Would you print the records below word for word, without the pictures?

━━━ DATA RECORDS

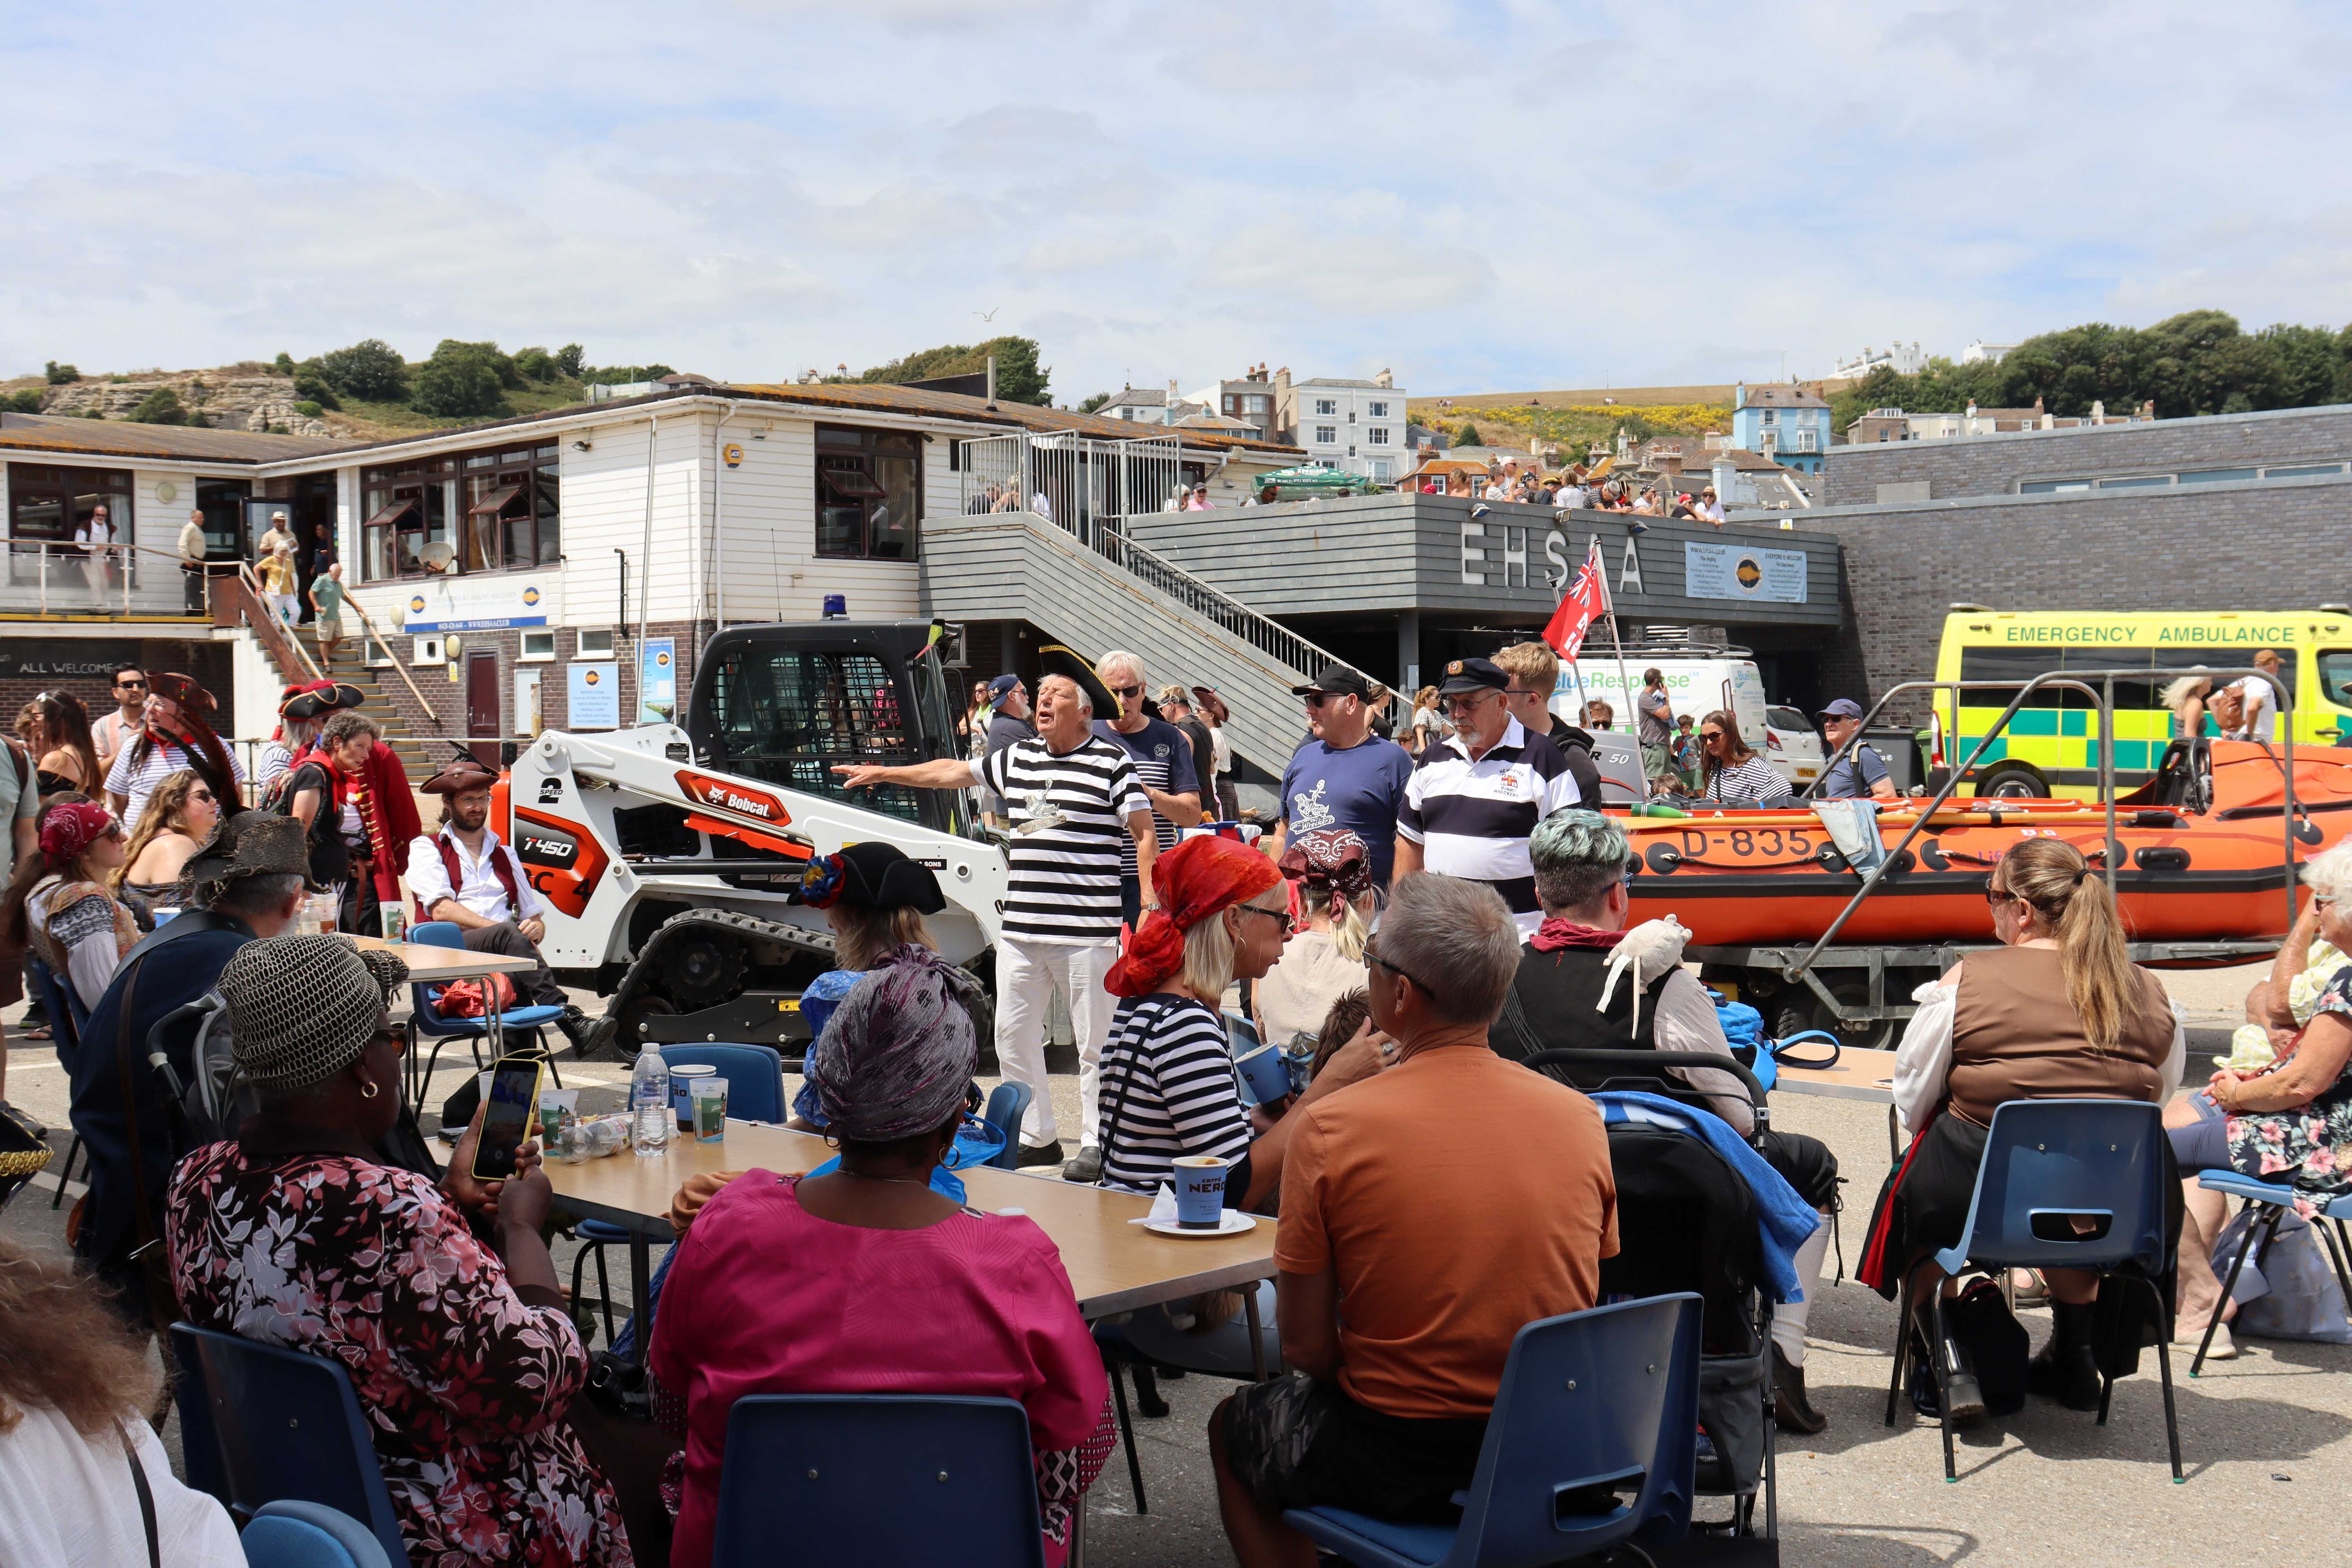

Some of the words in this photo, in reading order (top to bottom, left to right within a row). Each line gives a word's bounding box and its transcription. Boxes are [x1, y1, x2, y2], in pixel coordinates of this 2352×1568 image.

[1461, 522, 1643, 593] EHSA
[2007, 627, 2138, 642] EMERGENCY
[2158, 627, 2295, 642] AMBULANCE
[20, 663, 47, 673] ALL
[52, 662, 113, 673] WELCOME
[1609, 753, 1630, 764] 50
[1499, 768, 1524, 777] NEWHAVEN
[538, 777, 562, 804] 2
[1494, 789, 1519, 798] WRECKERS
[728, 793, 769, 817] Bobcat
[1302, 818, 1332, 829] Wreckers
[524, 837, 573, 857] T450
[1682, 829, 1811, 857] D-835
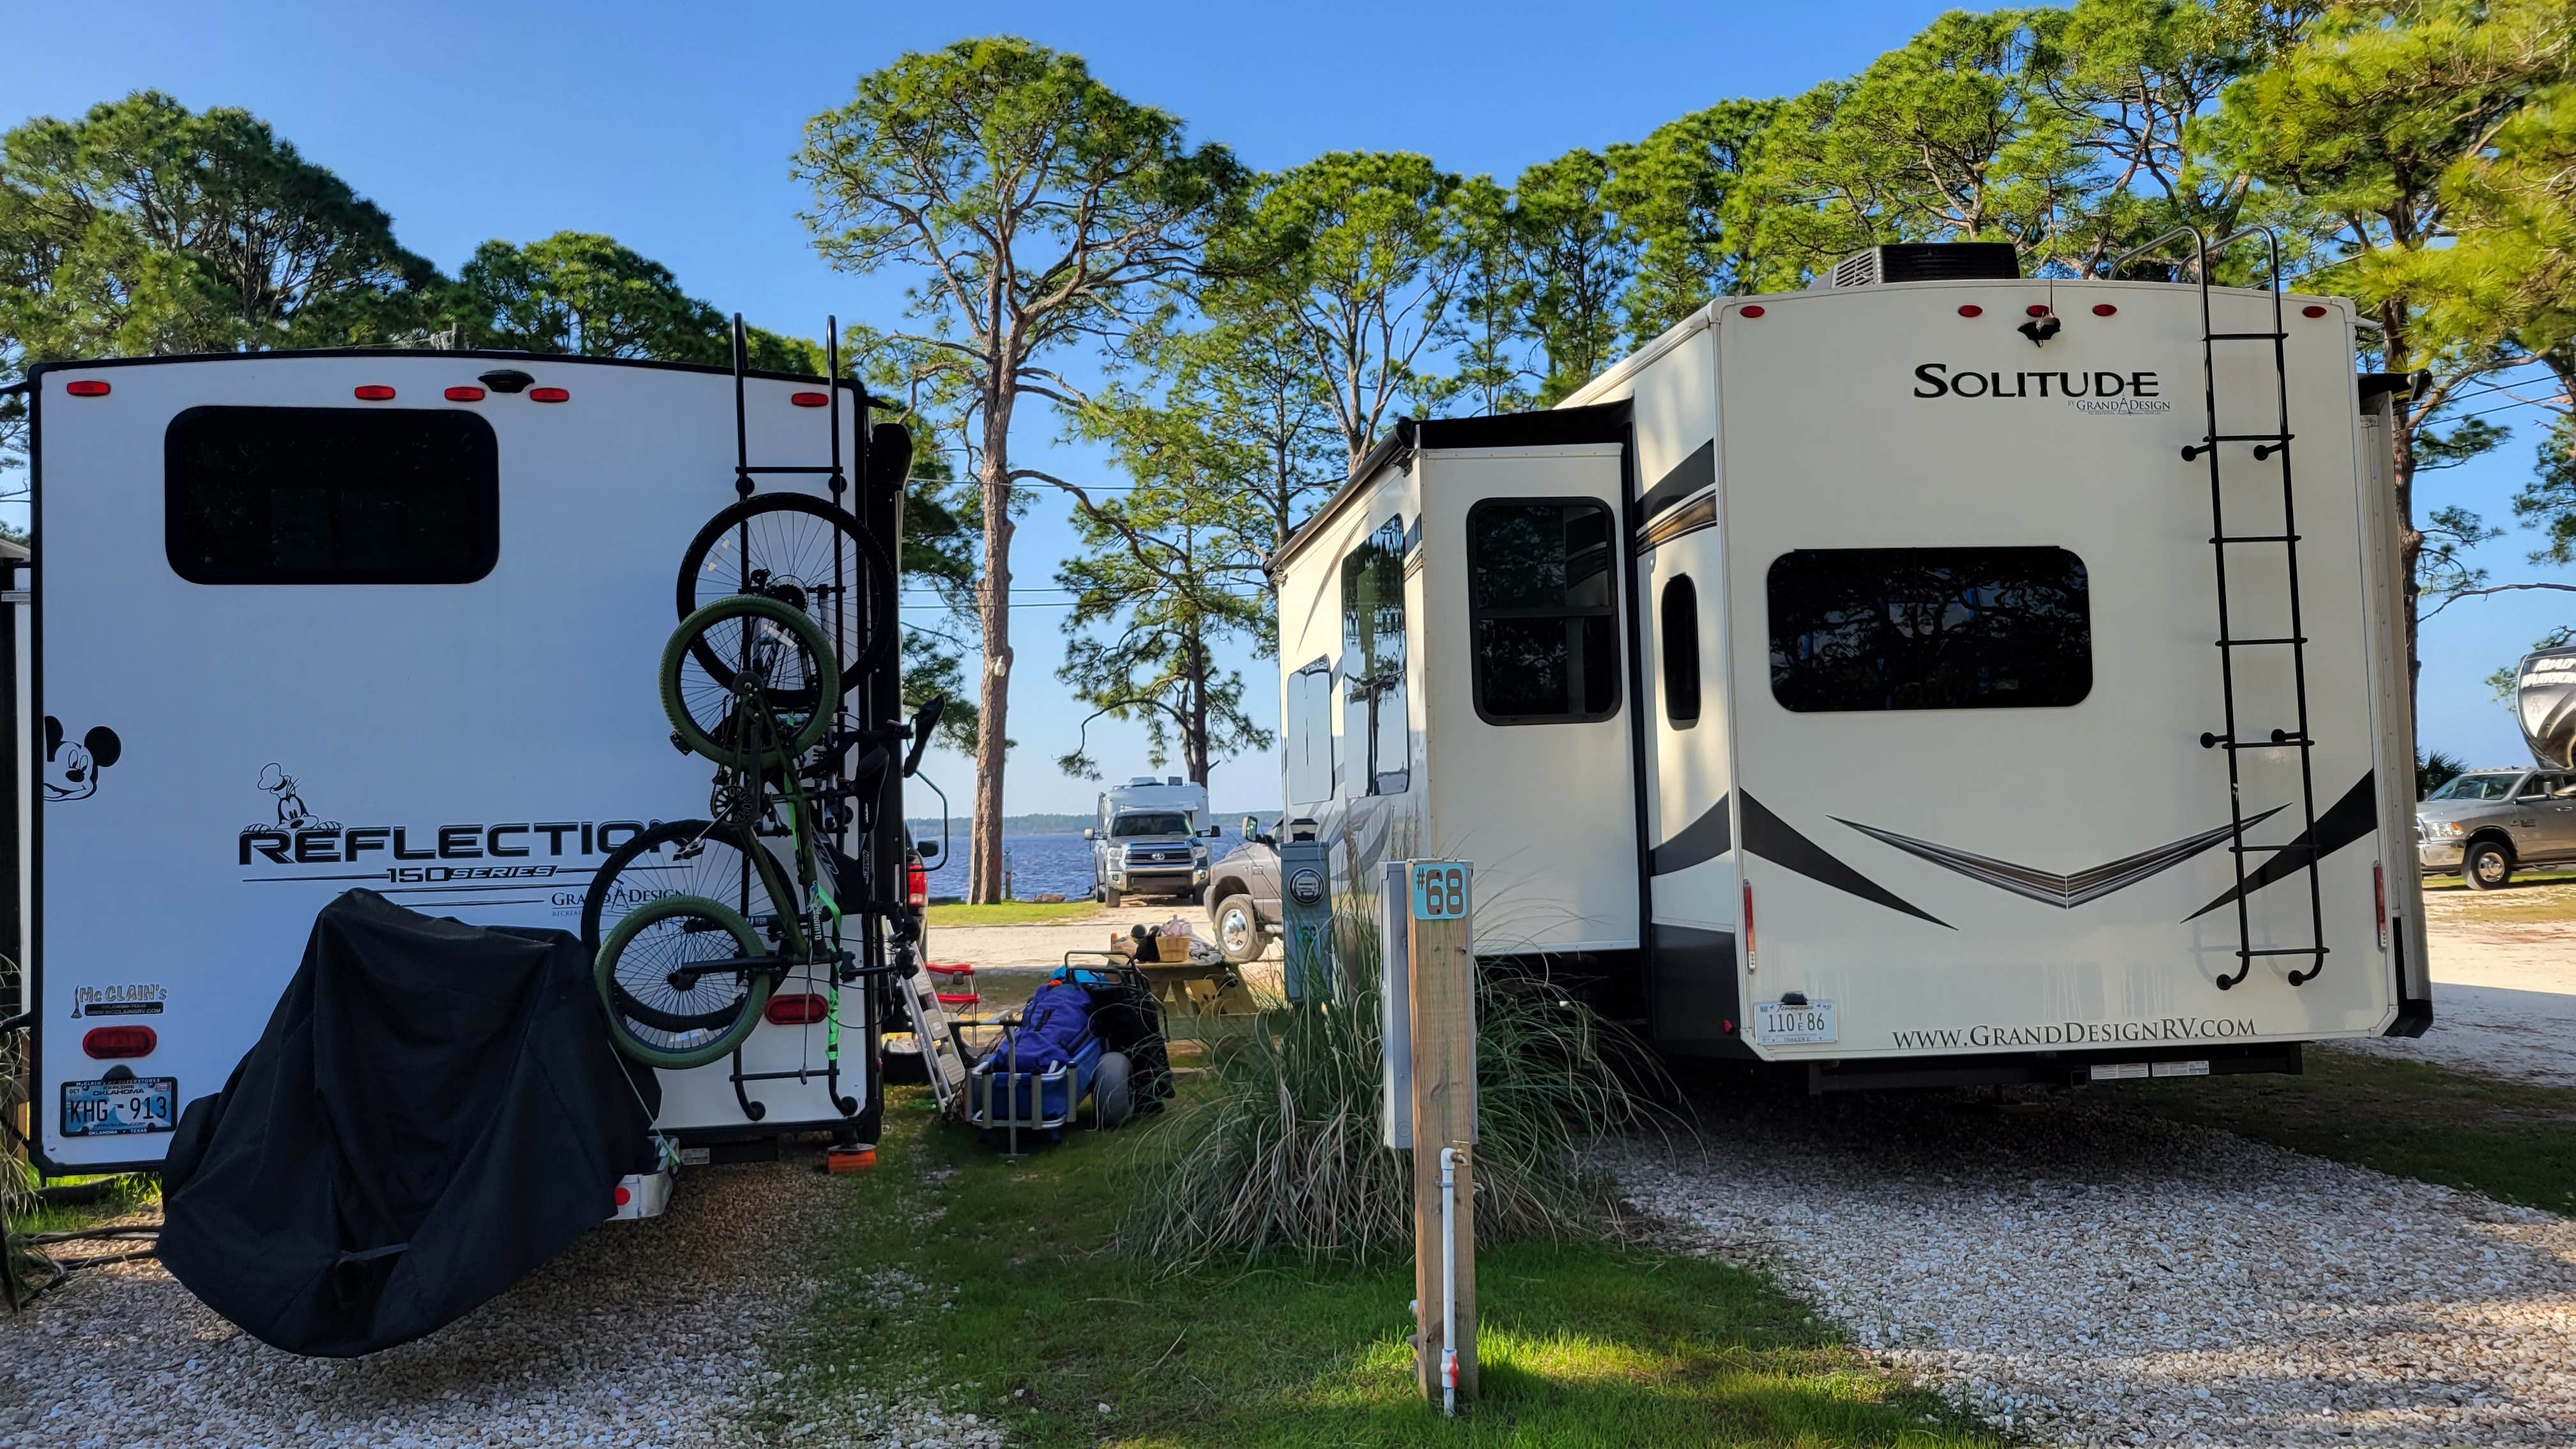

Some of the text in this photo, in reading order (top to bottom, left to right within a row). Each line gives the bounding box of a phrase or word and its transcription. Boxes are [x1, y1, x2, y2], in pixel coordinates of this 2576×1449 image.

━━━━━━

**RESPONSE TO THIS TASK:**
Some of the words in this photo, in reading order (top to bottom, left to right within a row). Each line gives a word's bounding box and its transcription. Boxes are [x1, y1, x2, y2], in pixel coordinates of this 2352×1568 image.

[1461, 522, 1643, 593] EHSA
[2007, 627, 2138, 642] EMERGENCY
[2158, 627, 2295, 642] AMBULANCE
[20, 663, 47, 673] ALL
[52, 662, 113, 673] WELCOME
[1609, 753, 1630, 764] 50
[1499, 768, 1524, 777] NEWHAVEN
[538, 777, 562, 804] 2
[1494, 789, 1519, 798] WRECKERS
[728, 793, 769, 817] Bobcat
[1302, 818, 1332, 829] Wreckers
[524, 837, 573, 857] T450
[1682, 829, 1811, 857] D-835

Some of the text in this photo, in reading order (top to bottom, left to right within a row). Each line gives the bounding box of a phrase or word and its transcription. Boxes are [x1, y1, x2, y2], in pixel coordinates of this 2576×1449 image.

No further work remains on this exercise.